• **Spatial localization data**:
_ _ _ _ _ _ _

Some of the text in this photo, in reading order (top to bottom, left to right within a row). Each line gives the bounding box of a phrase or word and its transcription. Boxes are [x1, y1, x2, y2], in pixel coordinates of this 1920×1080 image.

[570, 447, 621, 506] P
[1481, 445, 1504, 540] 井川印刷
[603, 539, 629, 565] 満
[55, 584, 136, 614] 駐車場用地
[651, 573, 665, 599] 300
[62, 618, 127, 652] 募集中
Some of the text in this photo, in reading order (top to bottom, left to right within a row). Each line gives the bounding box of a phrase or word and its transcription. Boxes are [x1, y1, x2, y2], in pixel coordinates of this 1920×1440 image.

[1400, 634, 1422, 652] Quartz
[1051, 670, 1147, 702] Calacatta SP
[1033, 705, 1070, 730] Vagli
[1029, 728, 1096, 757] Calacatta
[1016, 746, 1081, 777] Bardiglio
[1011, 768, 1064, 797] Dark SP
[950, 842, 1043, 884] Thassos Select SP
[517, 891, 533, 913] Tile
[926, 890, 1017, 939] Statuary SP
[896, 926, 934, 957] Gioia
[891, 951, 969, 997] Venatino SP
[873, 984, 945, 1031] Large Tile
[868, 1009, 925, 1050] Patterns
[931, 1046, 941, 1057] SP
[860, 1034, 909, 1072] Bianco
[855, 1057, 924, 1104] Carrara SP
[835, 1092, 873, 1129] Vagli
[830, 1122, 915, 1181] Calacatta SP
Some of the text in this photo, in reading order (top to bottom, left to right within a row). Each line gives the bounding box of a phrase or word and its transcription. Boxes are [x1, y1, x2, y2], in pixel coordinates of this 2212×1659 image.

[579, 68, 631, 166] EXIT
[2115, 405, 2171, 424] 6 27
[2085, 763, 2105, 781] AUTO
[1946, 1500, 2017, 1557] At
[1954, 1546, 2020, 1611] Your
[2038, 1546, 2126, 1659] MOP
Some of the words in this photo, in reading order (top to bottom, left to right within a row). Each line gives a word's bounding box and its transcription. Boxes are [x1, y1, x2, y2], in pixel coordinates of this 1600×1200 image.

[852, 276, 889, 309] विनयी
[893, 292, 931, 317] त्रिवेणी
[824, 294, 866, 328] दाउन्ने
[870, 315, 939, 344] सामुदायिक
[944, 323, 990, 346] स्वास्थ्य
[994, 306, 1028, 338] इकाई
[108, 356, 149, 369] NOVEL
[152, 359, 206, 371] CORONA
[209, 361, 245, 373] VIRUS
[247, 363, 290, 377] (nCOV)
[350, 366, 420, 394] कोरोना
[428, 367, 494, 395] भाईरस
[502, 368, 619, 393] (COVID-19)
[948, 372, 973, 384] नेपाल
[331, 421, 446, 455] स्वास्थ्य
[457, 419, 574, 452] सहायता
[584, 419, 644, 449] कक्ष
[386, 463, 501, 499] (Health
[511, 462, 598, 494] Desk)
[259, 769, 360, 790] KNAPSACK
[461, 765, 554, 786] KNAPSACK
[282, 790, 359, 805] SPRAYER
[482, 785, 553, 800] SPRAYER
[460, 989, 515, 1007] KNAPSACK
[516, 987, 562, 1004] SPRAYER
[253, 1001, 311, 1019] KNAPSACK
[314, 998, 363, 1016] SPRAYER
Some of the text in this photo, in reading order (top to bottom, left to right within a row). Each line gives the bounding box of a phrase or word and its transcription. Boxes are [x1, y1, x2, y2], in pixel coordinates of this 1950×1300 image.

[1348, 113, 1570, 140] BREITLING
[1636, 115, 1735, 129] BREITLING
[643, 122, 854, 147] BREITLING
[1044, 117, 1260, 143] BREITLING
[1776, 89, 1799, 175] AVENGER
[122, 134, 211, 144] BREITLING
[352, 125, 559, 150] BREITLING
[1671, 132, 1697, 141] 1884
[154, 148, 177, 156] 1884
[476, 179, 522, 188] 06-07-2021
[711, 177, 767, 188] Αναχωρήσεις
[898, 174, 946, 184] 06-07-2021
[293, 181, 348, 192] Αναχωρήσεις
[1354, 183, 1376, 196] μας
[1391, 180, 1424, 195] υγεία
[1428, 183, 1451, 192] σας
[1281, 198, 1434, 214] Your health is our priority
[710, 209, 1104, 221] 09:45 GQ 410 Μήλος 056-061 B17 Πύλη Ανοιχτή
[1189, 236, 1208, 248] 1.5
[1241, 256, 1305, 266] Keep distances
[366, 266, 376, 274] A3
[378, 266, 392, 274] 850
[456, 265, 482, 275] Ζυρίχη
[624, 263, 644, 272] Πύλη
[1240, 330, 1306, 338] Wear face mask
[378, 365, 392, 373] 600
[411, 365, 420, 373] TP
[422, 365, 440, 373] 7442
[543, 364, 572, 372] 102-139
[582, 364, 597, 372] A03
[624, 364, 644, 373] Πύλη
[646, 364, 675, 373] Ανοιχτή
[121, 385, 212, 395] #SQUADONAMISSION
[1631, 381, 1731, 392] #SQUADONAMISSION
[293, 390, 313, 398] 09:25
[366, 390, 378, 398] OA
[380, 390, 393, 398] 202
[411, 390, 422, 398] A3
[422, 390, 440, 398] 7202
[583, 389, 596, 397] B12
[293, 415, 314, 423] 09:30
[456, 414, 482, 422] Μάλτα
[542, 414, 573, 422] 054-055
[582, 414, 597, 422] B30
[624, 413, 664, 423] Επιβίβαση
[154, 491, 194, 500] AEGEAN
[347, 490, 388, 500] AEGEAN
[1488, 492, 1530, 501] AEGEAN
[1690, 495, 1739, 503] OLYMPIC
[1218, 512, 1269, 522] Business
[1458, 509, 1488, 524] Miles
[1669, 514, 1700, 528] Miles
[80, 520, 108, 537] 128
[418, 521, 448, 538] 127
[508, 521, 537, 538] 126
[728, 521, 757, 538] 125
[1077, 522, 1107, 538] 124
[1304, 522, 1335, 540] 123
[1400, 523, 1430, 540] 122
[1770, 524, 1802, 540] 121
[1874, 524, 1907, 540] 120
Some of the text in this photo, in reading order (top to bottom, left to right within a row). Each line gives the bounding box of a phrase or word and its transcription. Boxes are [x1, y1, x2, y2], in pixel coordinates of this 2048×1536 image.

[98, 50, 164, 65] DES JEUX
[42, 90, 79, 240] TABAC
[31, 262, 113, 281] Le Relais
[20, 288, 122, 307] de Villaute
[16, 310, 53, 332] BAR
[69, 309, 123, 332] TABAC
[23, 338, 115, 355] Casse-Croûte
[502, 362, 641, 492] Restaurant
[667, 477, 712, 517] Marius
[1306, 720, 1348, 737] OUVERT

_ _ _ _ _ _ _

Write out exactly the lines from the one containing "this 2048×1536 image." through the end of the data, both included. Add nothing else.

• **WRITTEN ANSWER**:
Some of the text in this photo, in reading order (top to bottom, left to right within a row). Each line gives the bounding box of a phrase or word and its transcription. Boxes are [x1, y1, x2, y2], in pixel coordinates of this 2048×1536 image.

[98, 50, 164, 65] DES JEUX
[42, 90, 79, 240] TABAC
[31, 262, 113, 281] Le Relais
[20, 288, 122, 307] de Villaute
[16, 310, 53, 332] BAR
[69, 309, 123, 332] TABAC
[23, 338, 115, 355] Casse-Croûte
[502, 362, 641, 492] Restaurant
[667, 477, 712, 517] Marius
[1306, 720, 1348, 737] OUVERT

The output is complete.